On Sat, Jan 25, 2003 at 11:49:46AM -0500, Gianni Johansson wrote:

> 1) This doesn't belong in Fred's JVM. We have enough problems 
> undertanding/bounding fred's resource consumption as it is.

[exaggeration]
You could say the same about fec generally, and I'm sure you could make a 
similar argument about fproxy as a whole
[/exaggeration]

Seriously, I honestly can see your argument.  You should be aware that there
are quite a few people who disagree with you on this, howver, and several of
them said to me that life would be better if there was a version of it
which could be possibly integrated into fred.

This being said, I don't think this application is really *that* intensive -
it only runs at most around 15 requests at a time with the default settings, 
which are admittedly not the most sensible, and around 25-30 requests at a 
time with a buffer of 5 blocks, which is more sensible.

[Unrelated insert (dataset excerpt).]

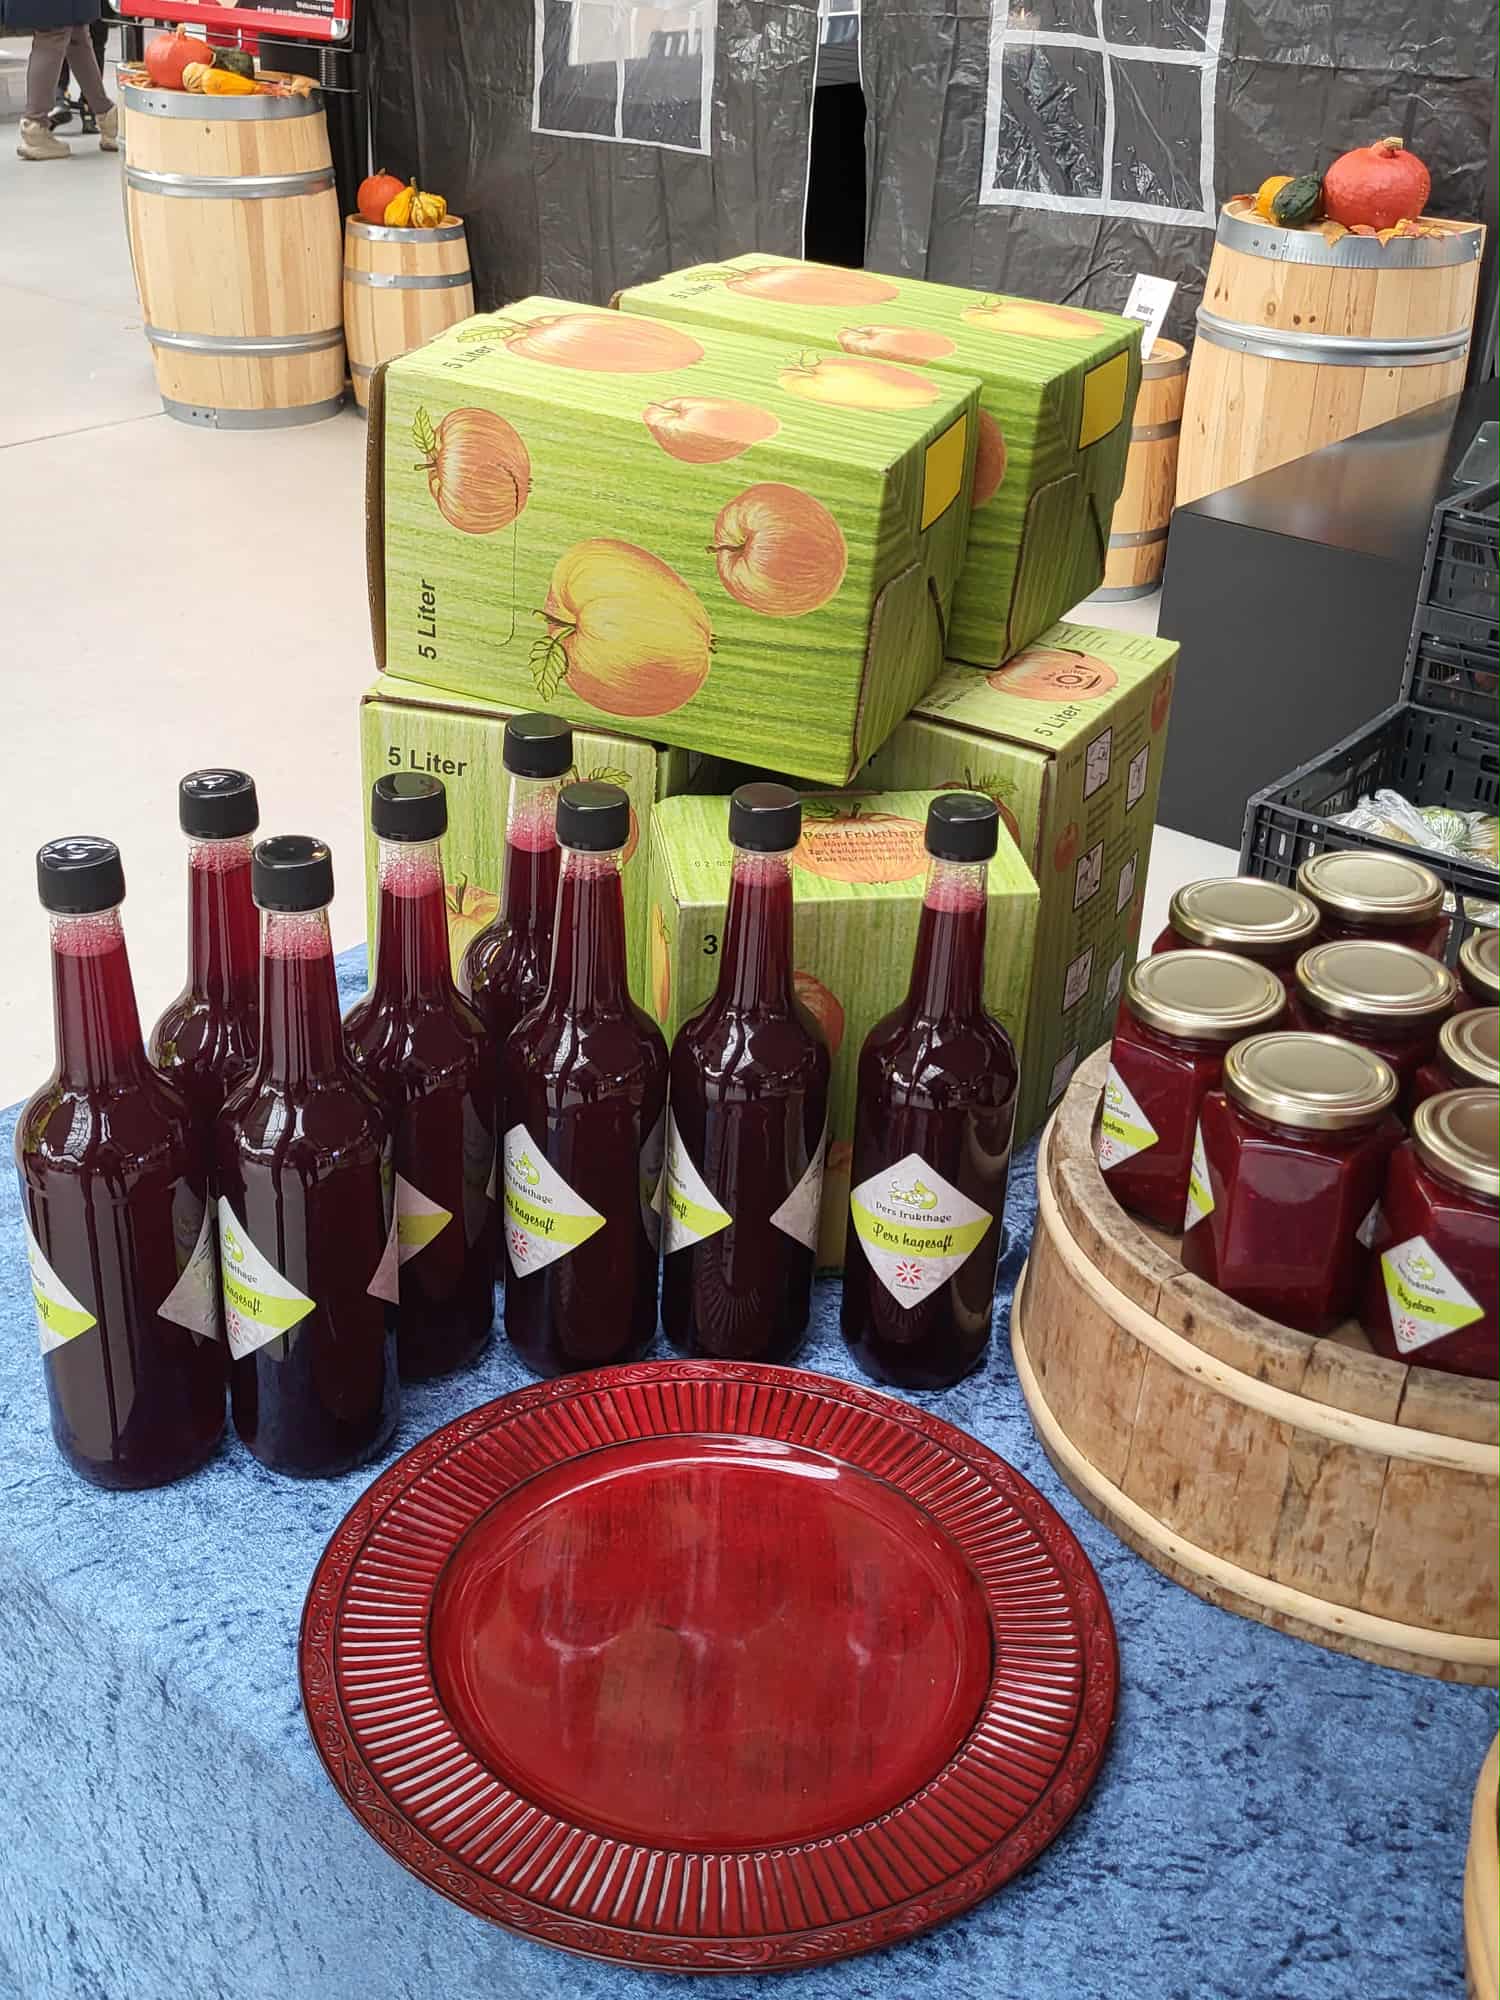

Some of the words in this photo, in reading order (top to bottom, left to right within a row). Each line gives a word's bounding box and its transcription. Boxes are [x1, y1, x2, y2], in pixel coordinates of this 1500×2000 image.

> 2) How do you plan to address QOS?  I have asked this question several times 
> and each time it is ignored.  

My plans involve not addressing QOS in exactly the way that everyone else 
doesn't.

One could theoretically add QOS support at FNP level, but all that would 
happen is everyone would mark their patches as urgent, therefore making the 
entire exercise useless.  Otherwise, flooding the network with urgent 
packets would make quite an interesting attack.  bad idea.

QOS won't save the world in exactly the same way that UDP and multicast
didn't.

> If you really want to do streaming you need to have a reasonable QOS 
> gaurantee.   I don't see how you are going to get this from fred.  I am 
> concerned that we are essentially encouraging people to write DOS clients, 
> that don't have a chance of working in all but the most contrived test 
> scenarios.

Yes, I am writing tools to DOS the network :-p.  I am teh l33t h4x0r.

I do think you're being a little pessemistic here.  Don't misread me, I don't
suggest for a moment that we are going to achieve truely live streaming, but
this being said I did manage to listen to almost an hour (57 minutes, if you
must know specifics) with a 15 minute delay being streamed from two of matt's
perminant nodes to my transient (ex)node.  I know that this is not terribly
impressive, but the network is always (usually ^_^) improving.  While this
test is partially contrived, because yeah, I was controlling both the client
and the server, it was nonetheless being transported through the production
network.

Perhaps it is stupid, and perhaps I am wasting my time.  But I believe it
is within the realms of possibility, even if yours does not.  I won't lie, 
you need, right now, two nodes on a broadband connection to server a stream 
at all reliably.  This is obviously unreasonable.  But I also believe that
this situation will only improve over time, and is mostly fred getting
overloaded with insert requests (remember, inserts take at least 3x the time
of a retrieval :-p).  (This is, btw, the reason the ClientInfo patch exists).

> The right way (tm) to do this is to make a servlet that prefetches audio 
> files and presents them for later retrieval over http.  That would be cool.  
> But don't call it streaming.  You could even have play lists which could be 
> updated via enumerated SSKs or DBRs.  Use FEC, healing, and write a good UI 
> and you might be pretty close to having the killer freenet app.

This is not the right way(tm) to do this, and does address what I'm trying
to at all.  The whole point of this exercise is live media.  

> Freenet *is not* a replacement for internet radio.  It is much more 
> interesting than that.

While this is true, in my opinion, the architecture freenet is not the bad 
match 
for this task that you believe it is.  To be fair, you are far more of an 
authority on what freenet is or isn't than me ;).